Lee used the example of a diabetes app his practice launched. Epic wanted them to bring all of the patients' glucose data into the EHR via HealthKit and Epic MyChart.

"That’s a huge undertaking for me," Lee said. "And as people get to CGM, that’s millions of datapoints. Instead, we just built a web portal to their application. So that we can see it whenever we want to see it and all the data stay in their application. I’m not bringing anything in. Is that interoperability? We think it is and we think it’s working great, but I’m not pulling data. It’s not semantic interoperability. I don’t need to do that, the app company’s already done that."

Semantic interoperability means that different systems in the hospital don't just share data but have all their data standardized to the same formats, so they can read and write data to one another, avoid repetition, and spot conflicts. But doctors on the panel argued that on a case by case basis, that level of communication isn't always necessary, and can even do more harm than good. That's because when doctors are expected to be continually monitoring patients, they can then be liable for missing a warning sign -- even one that an algorithm somehow missed that came in the middle of the night.

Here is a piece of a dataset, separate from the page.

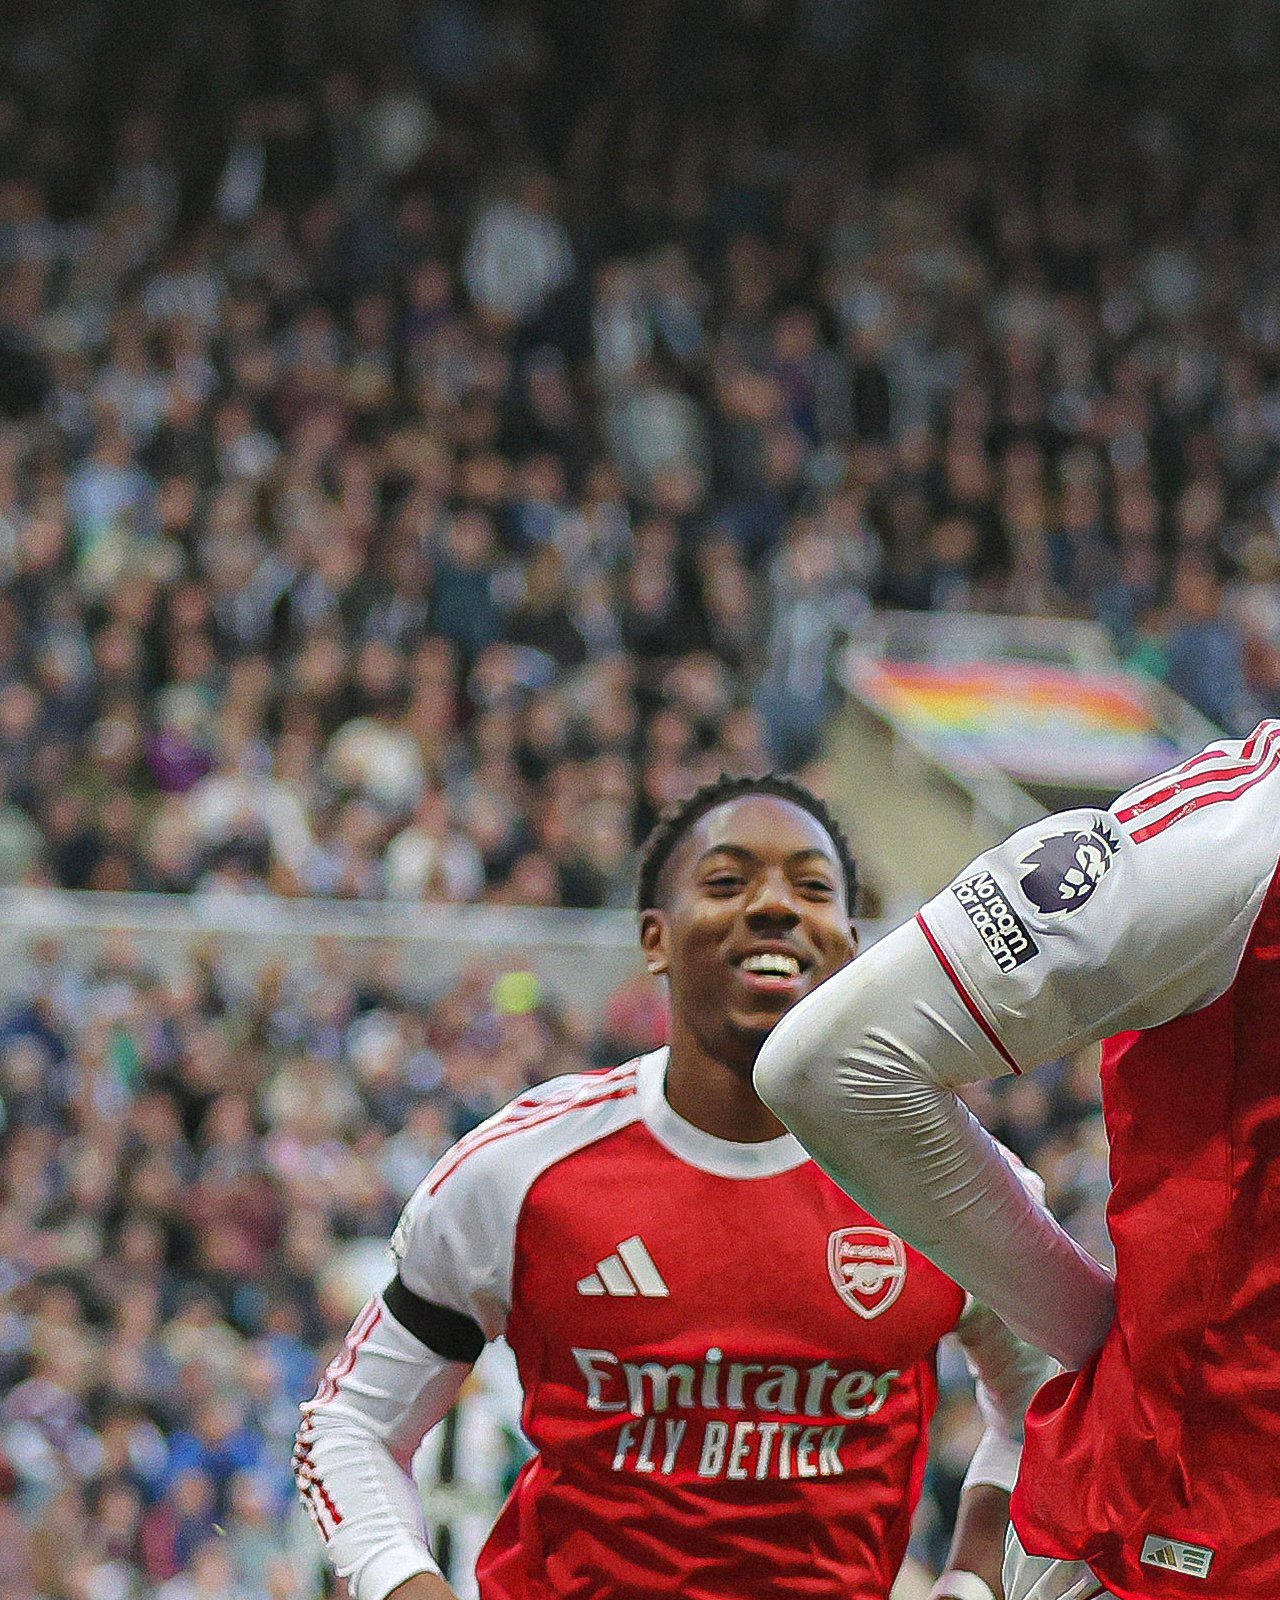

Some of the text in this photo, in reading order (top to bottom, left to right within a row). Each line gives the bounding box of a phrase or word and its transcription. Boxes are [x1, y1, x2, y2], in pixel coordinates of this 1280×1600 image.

"I think everybody faces the same problem: where do you draw the line between what you want to inform people of and what you don’t?" said Arthur Harvey, the CIO at Boston Medical Center. "...No matter what you do, somebody will find a way to break it and it’ll cause something to get missed. You have to avoid giving the patient the expectation that this is being continuously monitored."

Lee said that even on the level of a patient portal, hospitals have to worry about the liability if someone sends a message to the portal about chest pains in the middle of the night instead of calling 911. 

"People always ask what about that patient that sends a message over the portal at 2 am?" he said. "Nobody looks at that message. But what’s telling that patient that 'You have to make a decision for yourself', that 'We’re not connected to you 100 percent of the time'. We disconnected that glucose monitor because we’re telling them, this is your application but we can share it with you at times. But that’s a hard message."

Other times, even when there is value to patient generated data, figuring out how to incorporate it into other existing data streams can be a challenge. Bill Gillis, the CIO of the Beth Israel Deaconess Physicians Organization, used the example of the heart rate tracking on a Fitbit device or Apple Watch. "You can make a case there’s some value there, but how do you weight that?" he said. "How do you measure the value of heart rate from a Fitbit vs the EKG machine? And then how do you score that in a quality measure?"

For Lee, Gillis, and Harvey, the takeaway is that visions of interoperability only have value if they're undertaken with a consideration of the physicians -- how much extra work the data will create for them, and what value they'll actually gain from it. For many cases, that value just hasn't been proven.

"I don’t think anybody wants Fitbit data," said Harvey. "Print a summary once a year so your PCP can see a gross number of steps or something, but for me that’s about the right level for that kind of stuff."